Bu arada işin içinde Türkiye açısından küçük bir çelişki de yok değil. Zira Ankara şu anda yıl sonuna kadar Kıbrıs'ta bir çözüm için bastırıyor. Satır aralarındaki imalı uyarısı ise, "Yıl sonuna kadar bu iş olmazsa herkes kendi yoluna gider." 

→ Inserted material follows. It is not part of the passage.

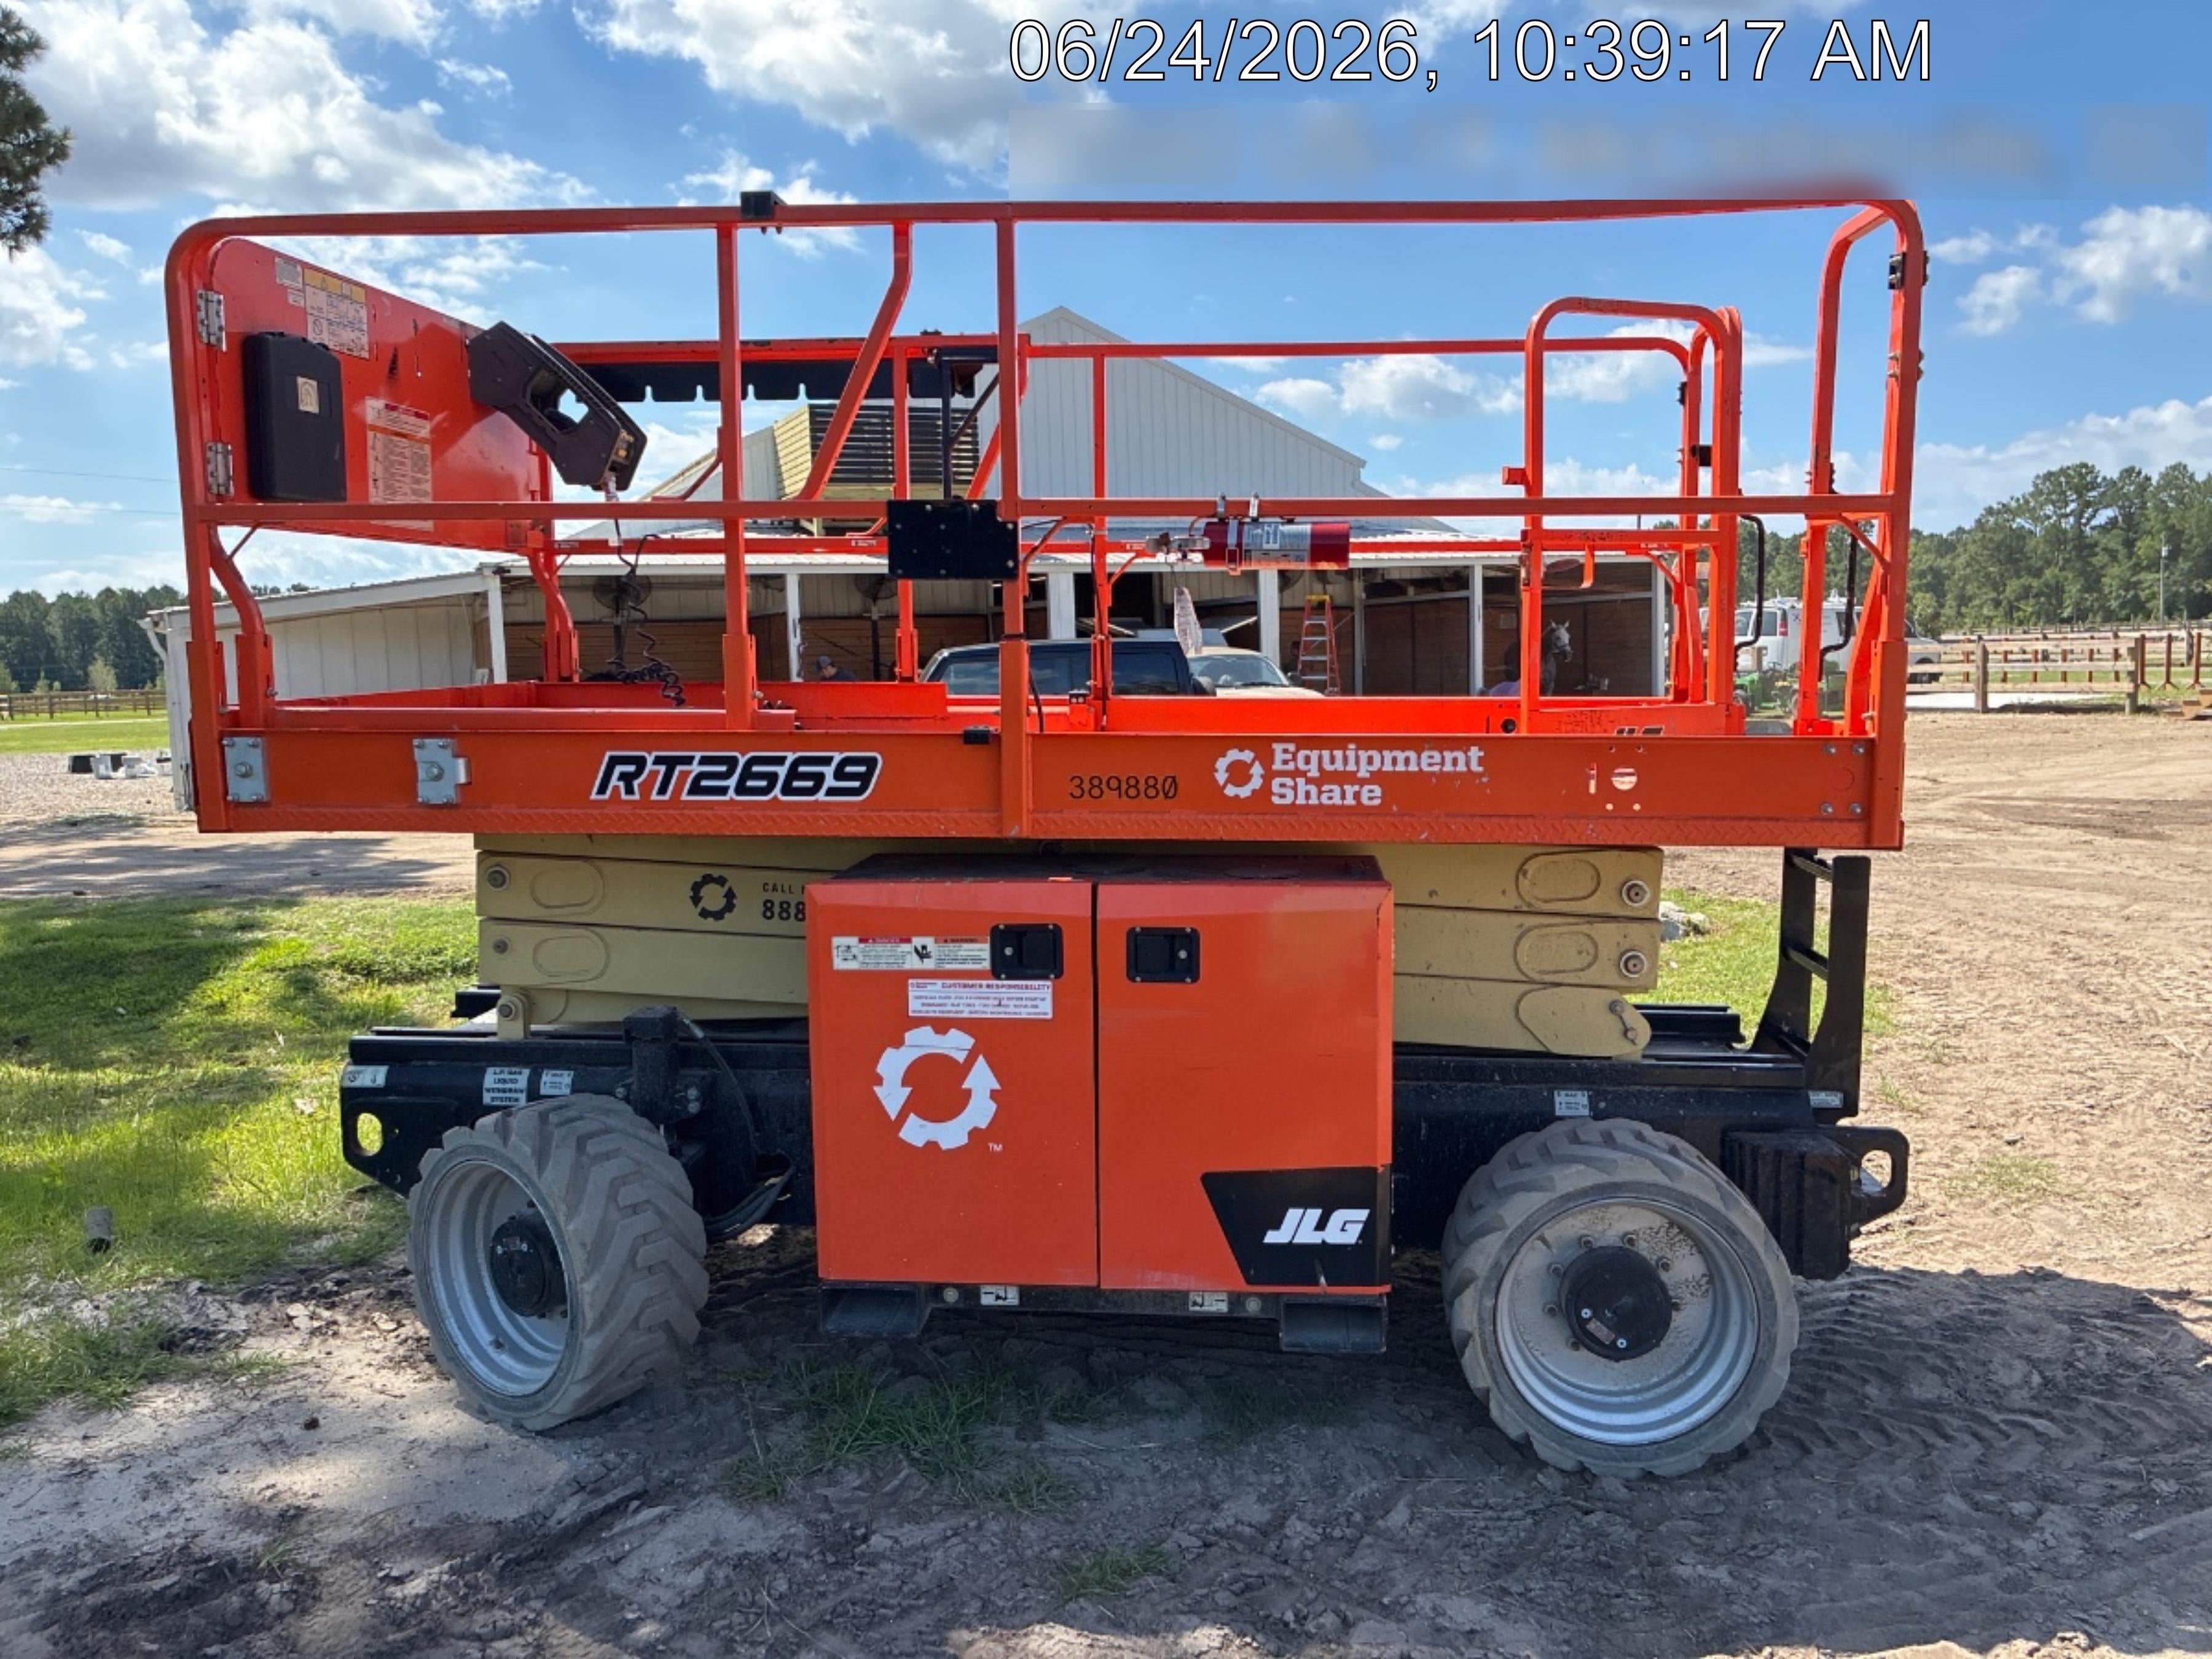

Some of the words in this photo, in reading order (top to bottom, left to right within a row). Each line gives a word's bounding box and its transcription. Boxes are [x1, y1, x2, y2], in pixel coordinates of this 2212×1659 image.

Bu arada KKTC'nin, "kilit oyuncular arasında anlaşma olmadan" bağımsız bir devlet olarak ilan edildiğini de hatırlamakta yarar var. Bu nedenle, "Gül'ün bağımsız Filistin devleti konusunda sergilediği hassasiyetin altında ne yatıyor?" sorusu akla otomatik olarak geliyor. 

AB'nin istediği şekil
Akla aynı şekilde "otomatik" olarak gelen yanıt ise malum. AB'nin istediği şekilde ilan edilecek bir Filistin devleti,  Iraklı Kürtler için de "emsal" oluşturacaktır. Bu durumda Ankara'yı acaba ABD, AB ile Güvenlik Konseyi'nde çoğunluğun destekleyeceği bağımsız bir Kürt devleti olasılığı mı endişelendiriyor?

Irak'ta Kürt-Arap gerginliğinin tehlikeli bir şekilde artmakta olduğunu son yazımızda belirttik. Ancak, Bağdat yönetimi ile "ortak kabine toplantıları" hazırlayan Ankara'da bu sanki çok da dikkate alınmıyor. 

Basından anladığımız kadarıyla, Dışişleri Bakanı Ahmet Davutoğlu da, gazetelerin Ankara temsilcileriyle hafta başında yaptığı 2,5 saatlik görüşmede konuya adeta geçiştirircesine girmiş.  

Fakat Irak'taki gelişmeler son derece ciddi. Bu nedenle, "Cumhurbaşkanı Gül'ün çıkışı, bir erken uyarı güdüsünün yansıması olabilir mi?" sorusunu kaçınılmaz olarak akla getiriyor.